Nie udało się awansować do turnieju finałowego brzeskim juniorkom starszym Stali Brzeg. Brzeżanki nie były w stanie rywalizować z najlepszymi drużynami w Polsce, mającymi w swoich szeregach koszykarki występujące regularnie w kadrach Polski, zespołach ekstraklasy oraz na zapleczu ekstraklasy. Mimo wszystko brzeskie koszykarki dzielnie walczyły o każdy cenny punkt i wbrew swoim obawom nie przegrały żadnej kwarty do zera.

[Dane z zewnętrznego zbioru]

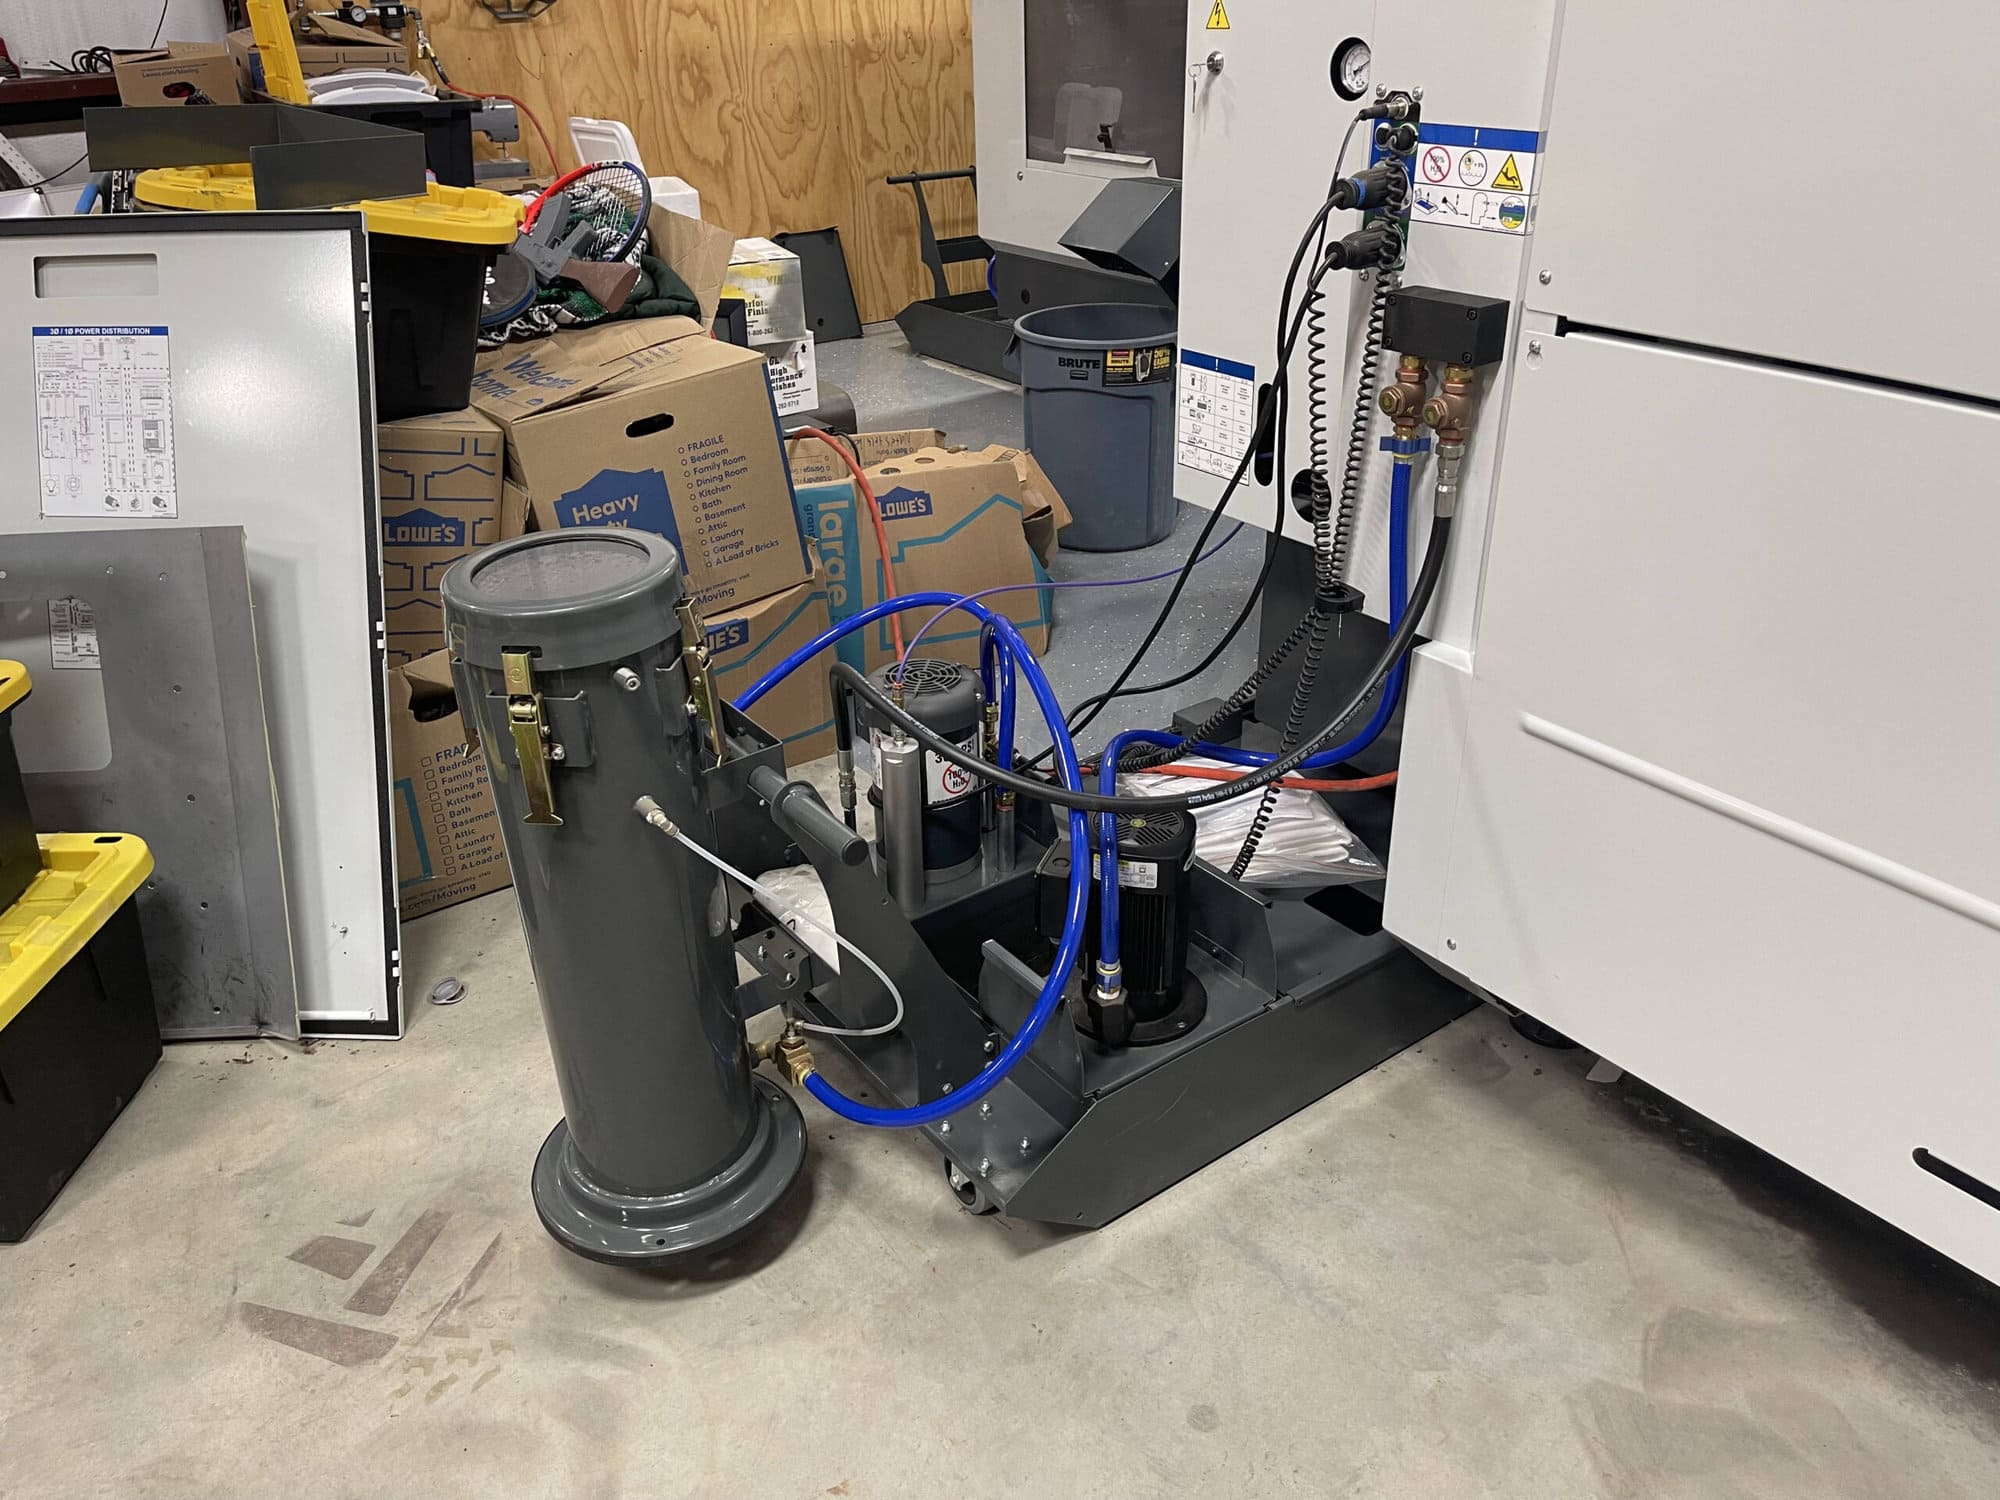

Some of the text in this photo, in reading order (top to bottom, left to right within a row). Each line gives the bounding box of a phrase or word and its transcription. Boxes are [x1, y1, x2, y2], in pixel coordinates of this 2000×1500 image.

[74, 327, 100, 335] POWER
[101, 327, 150, 335] DISTRIBUTION
[770, 366, 788, 377] High
[1058, 357, 1101, 369] BRUTE
[687, 434, 725, 452] FRAGILE
[690, 447, 729, 464] Bedroom
[693, 455, 746, 476] Family Room
[696, 466, 749, 488] Dining Room
[698, 484, 732, 498] Kitchen
[572, 494, 639, 525] Heavy
[702, 498, 722, 510] Bath
[704, 503, 746, 521] Basement
[384, 523, 457, 543] LOWE'S
[707, 520, 728, 533] Attic
[710, 527, 745, 544] Laundry
[712, 540, 745, 555] Garage
[716, 538, 780, 566] A Load of Bricks
[697, 588, 735, 606] Moving
[438, 753, 481, 774] Bedroom
[441, 768, 473, 785] Family
[444, 781, 475, 796] Dining
[447, 790, 483, 808] Kitchen
[449, 805, 471, 819] Bath
[451, 809, 496, 829] Basemen
[454, 827, 476, 841] Attic
[456, 831, 496, 850] Laundry
[458, 845, 493, 861] Garage
[460, 851, 504, 871] A Load of
[402, 883, 477, 912] .com/Moving

Jako ciekawostkę dodamy, że nie tak dawno w meczu czołowych drużyn ekstraklasy Polkowice przegrały pierwszą kwartę z Bydgoszczą aż 24:0.

Dla młodych „Stalówek” był to poligon doświadczalny. Brzeżanki zderzyły się z basketem na bardzo wysokim poziomie i jak same przyznają to był doskonały wyjazd i lekcja koszykówki.

Reklama - ciąg dalszy wpisu poniżej

” – Każdy mecz jest lepszy niż jakikolwiek trening. Z każdego z tych trzech meczów dziewczyny wyciągną wnioski, które przełożą się na niedaleką przyszłość.” – powiedział opiekun drużyny, a zarazem prezes KSK Stal Brzeg Mariusz Kolekta.

” – Drużyny z jakimi sie spotkałyśmy były z wyższej półki, od razu było wiadomo, że faworytami nie jesteśmy. Każdy mecz był dla nas ciężką potyczką, ale każda z nas dała z siebie wszystko i będzie się starać takich samych błędów już nie popełniać. Ja moim zdaniem zrobiłam wszystko co było w mojej mocy. To, że dużo rzeczy nie wyszło nie znaczy, że trzeba sie załamywać. Grałyśmy z rywalami z wysokiej półki wiec nie m co sie dziwić. Chciałabym podziękować wszystkim moim koleżankom z drużyny za spędzenie wspólnego czasu, danie z siebie wszystkiego. Podziękowania należą się również naszemu klubowi KSK Stal Brzeg, który umożliwił nam ten cenny wyjazd.” – Wiktoria Stala (koszykarka KSK Stal Brzeg).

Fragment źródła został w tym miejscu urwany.